#### WORK REQUEST:
Print the entries exactly; no image belongs in the copy.

#### LISTED ENTRIES:
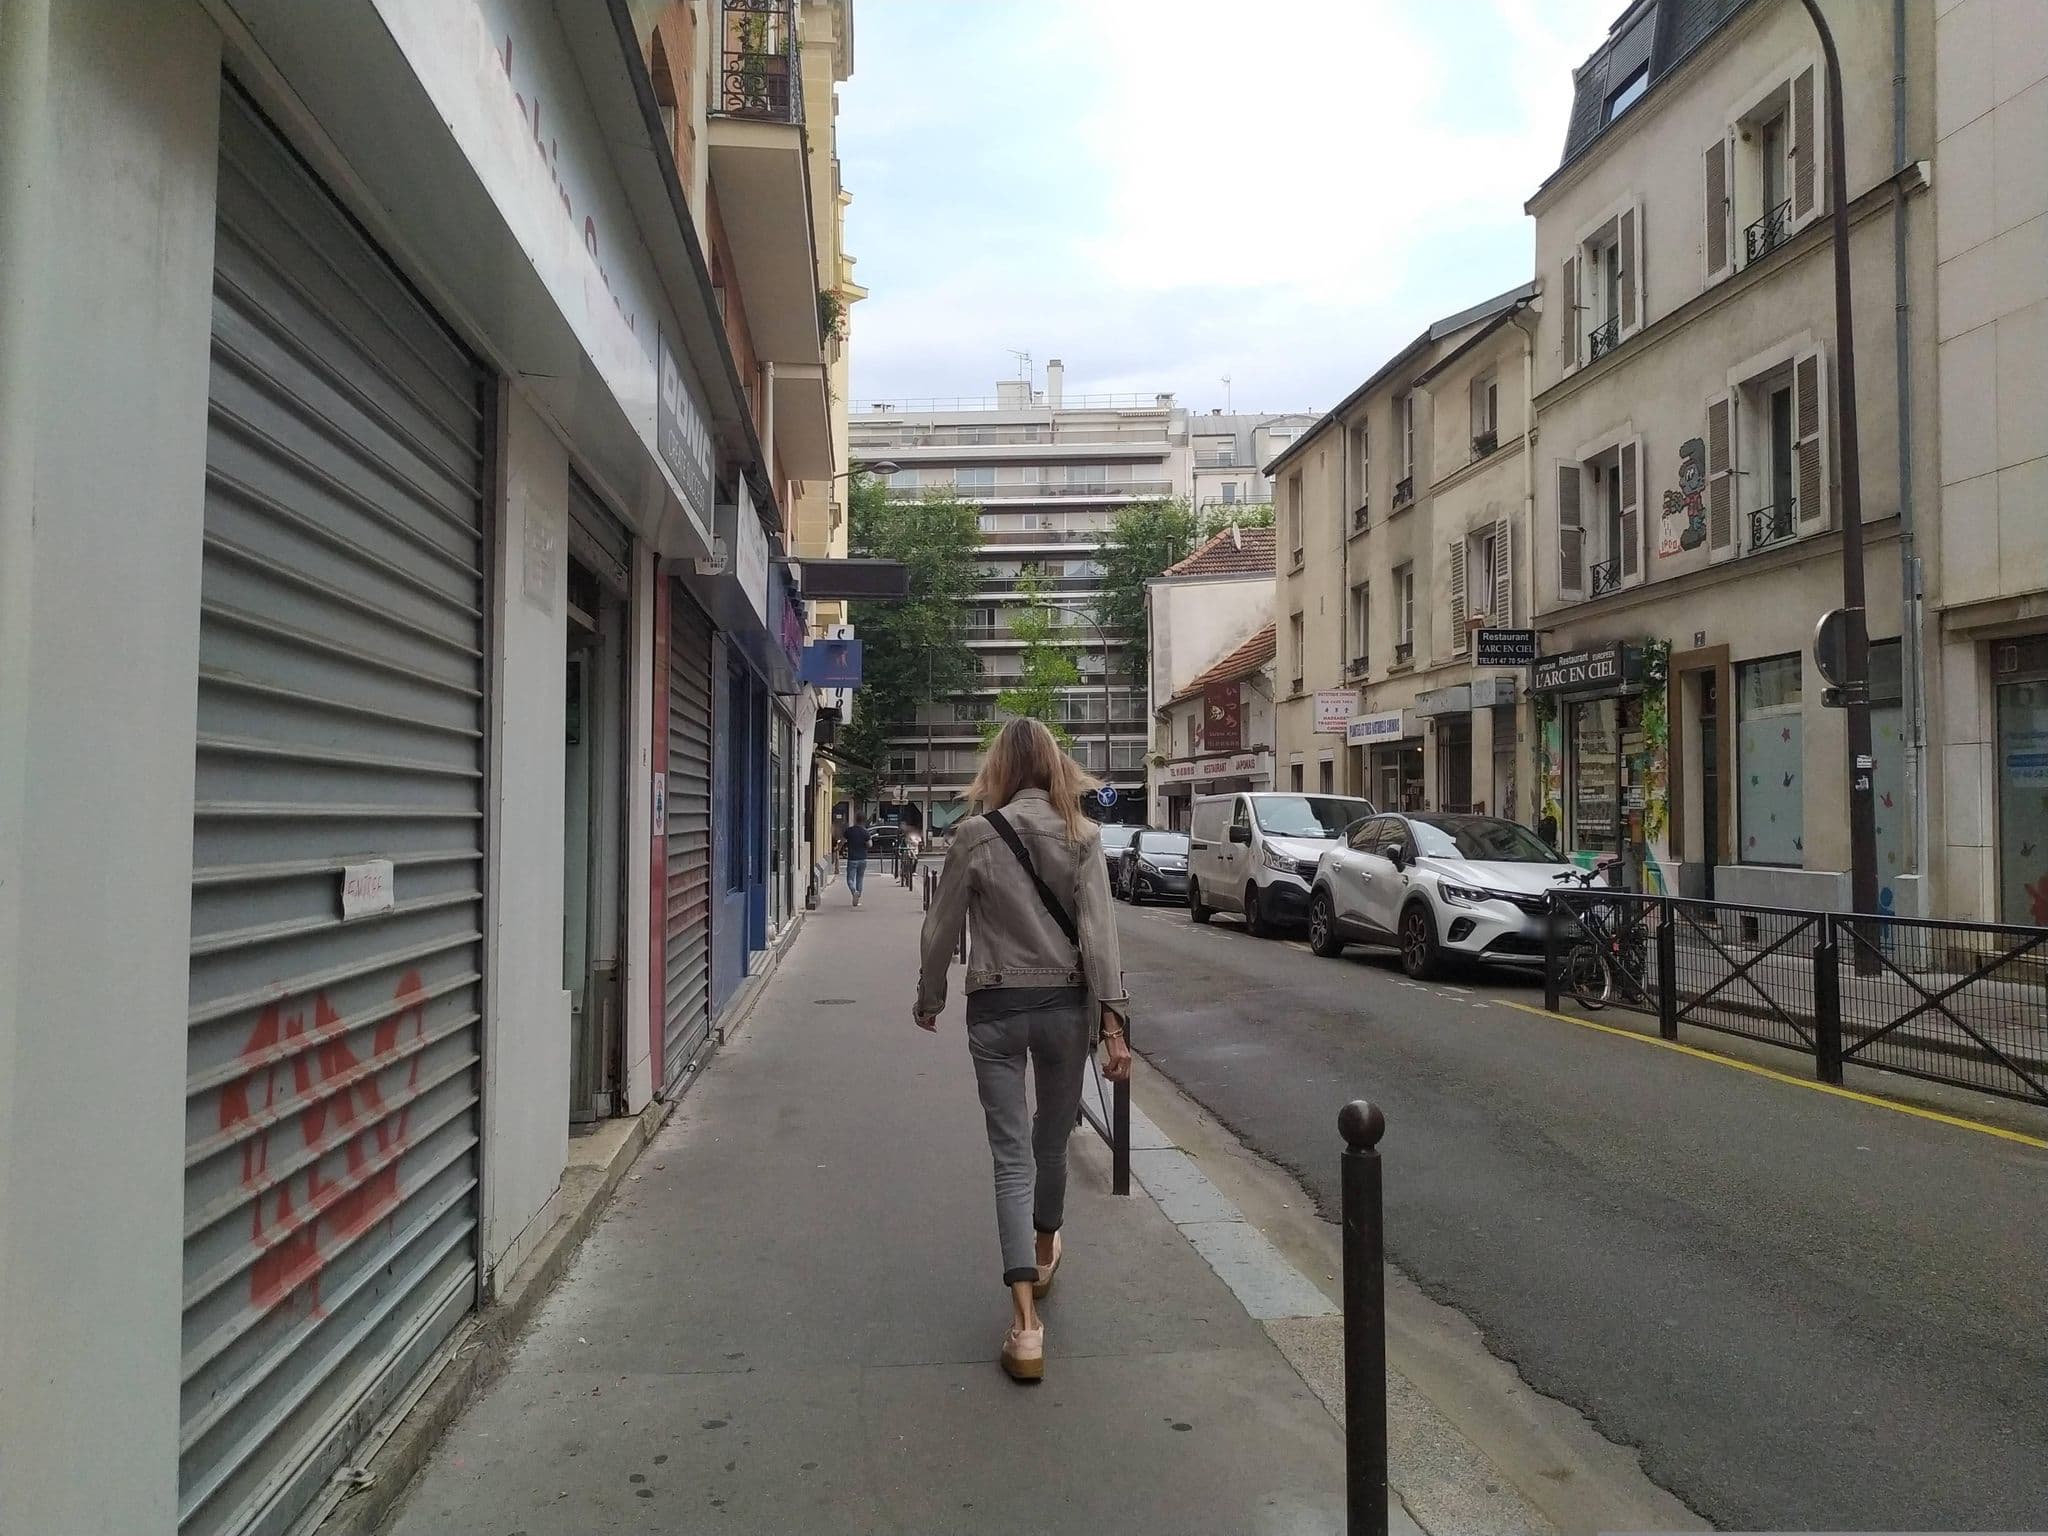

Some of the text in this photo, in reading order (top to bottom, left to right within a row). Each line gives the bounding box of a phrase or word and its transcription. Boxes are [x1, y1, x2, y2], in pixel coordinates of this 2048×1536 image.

[663, 349, 711, 481] DONIC
[1482, 632, 1529, 641] Restaurant
[1478, 644, 1533, 653] L'ARC EN CIEL
[1558, 653, 1588, 666] Restaurant
[1535, 660, 1616, 689] L'ARC EN CIEL
[1203, 762, 1227, 774] RESTAURANT
[1235, 759, 1256, 770] JAPONAIS
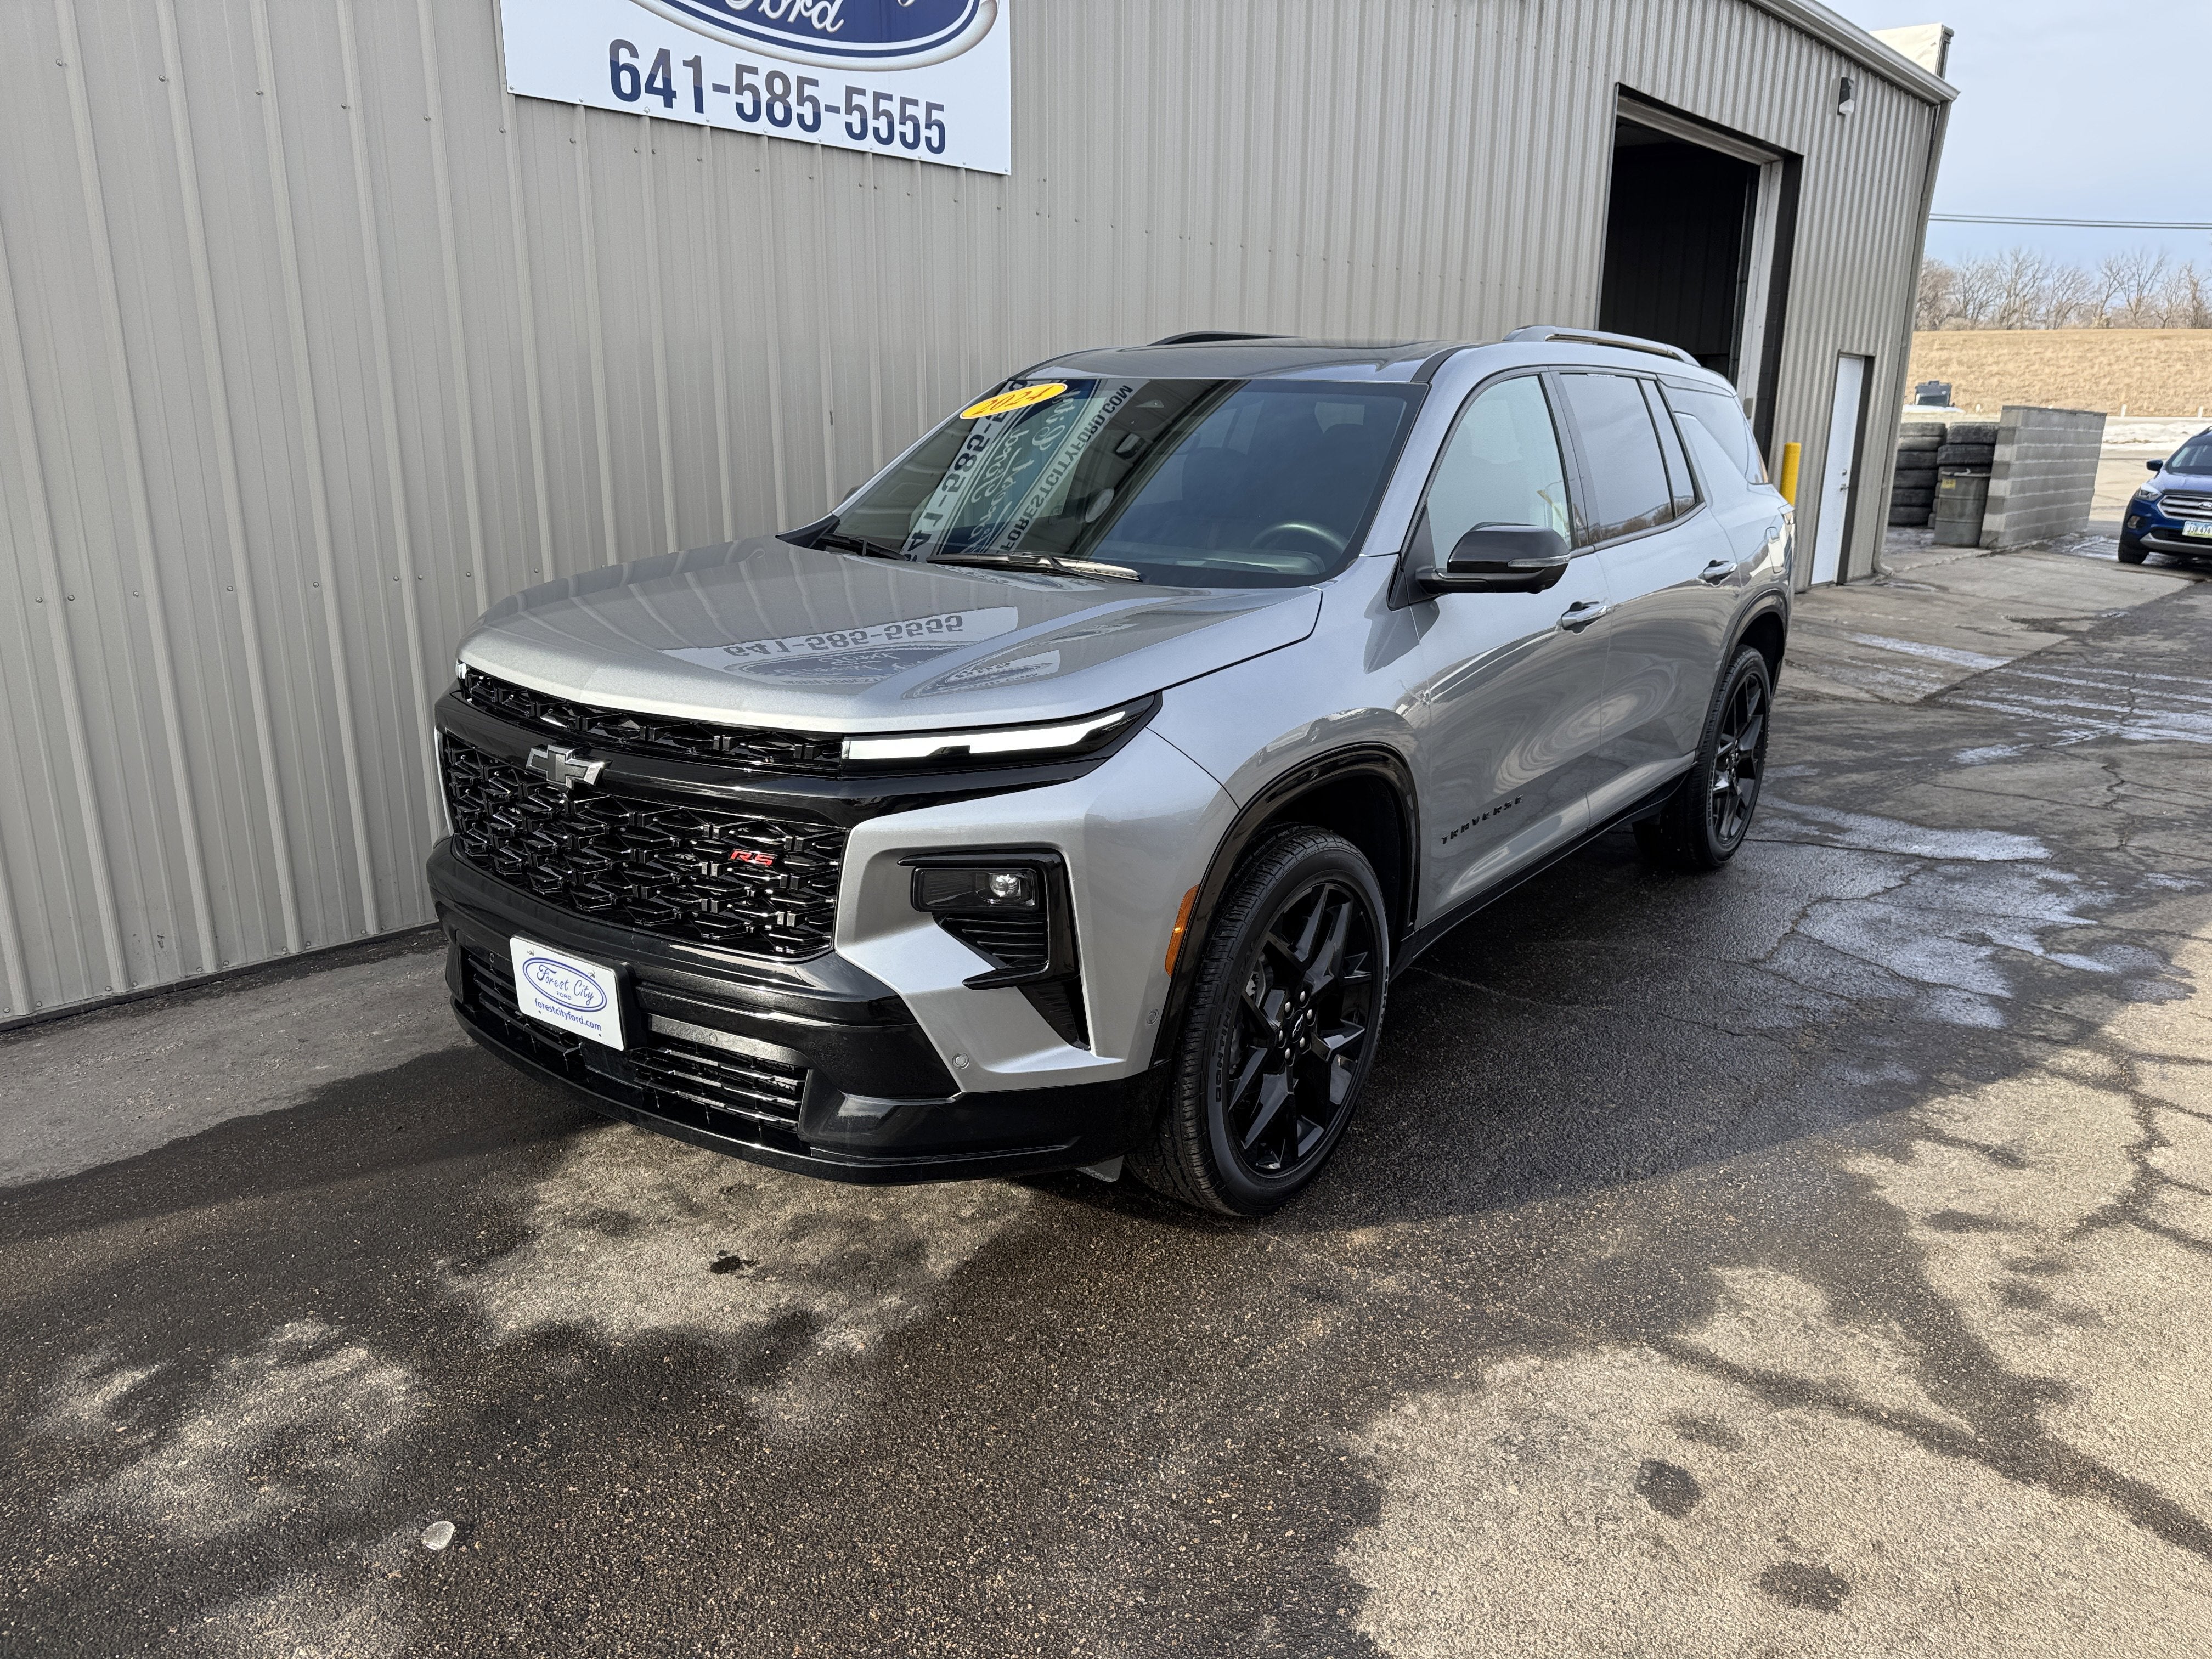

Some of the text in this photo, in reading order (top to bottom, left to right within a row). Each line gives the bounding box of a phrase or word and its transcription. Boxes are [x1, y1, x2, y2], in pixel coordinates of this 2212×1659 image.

[609, 39, 946, 155] 641-585-5555
[970, 386, 1054, 415] 2024
[1441, 794, 1523, 844] TRAVERSE
[729, 849, 776, 866] RS
[536, 964, 594, 1005] Forest City
[556, 991, 572, 1001] FORD
[534, 998, 602, 1031] forestcityford.com

#### SOLUTION:
Some of the text in this photo, in reading order (top to bottom, left to right within a row). Each line gives the bounding box of a phrase or word and its transcription. Boxes are [x1, y1, x2, y2], in pixel coordinates of this 2048×1536 image.

[663, 349, 711, 481] DONIC
[1482, 632, 1529, 641] Restaurant
[1478, 644, 1533, 653] L'ARC EN CIEL
[1558, 653, 1588, 666] Restaurant
[1535, 660, 1616, 689] L'ARC EN CIEL
[1203, 762, 1227, 774] RESTAURANT
[1235, 759, 1256, 770] JAPONAIS

Some of the text in this photo, in reading order (top to bottom, left to right within a row). Each line gives the bounding box of a phrase or word and its transcription. Boxes are [x1, y1, x2, y2], in pixel coordinates of this 2212×1659 image.

[609, 39, 946, 155] 641-585-5555
[970, 386, 1054, 415] 2024
[1441, 794, 1523, 844] TRAVERSE
[729, 849, 776, 866] RS
[536, 964, 594, 1005] Forest City
[556, 991, 572, 1001] FORD
[534, 998, 602, 1031] forestcityford.com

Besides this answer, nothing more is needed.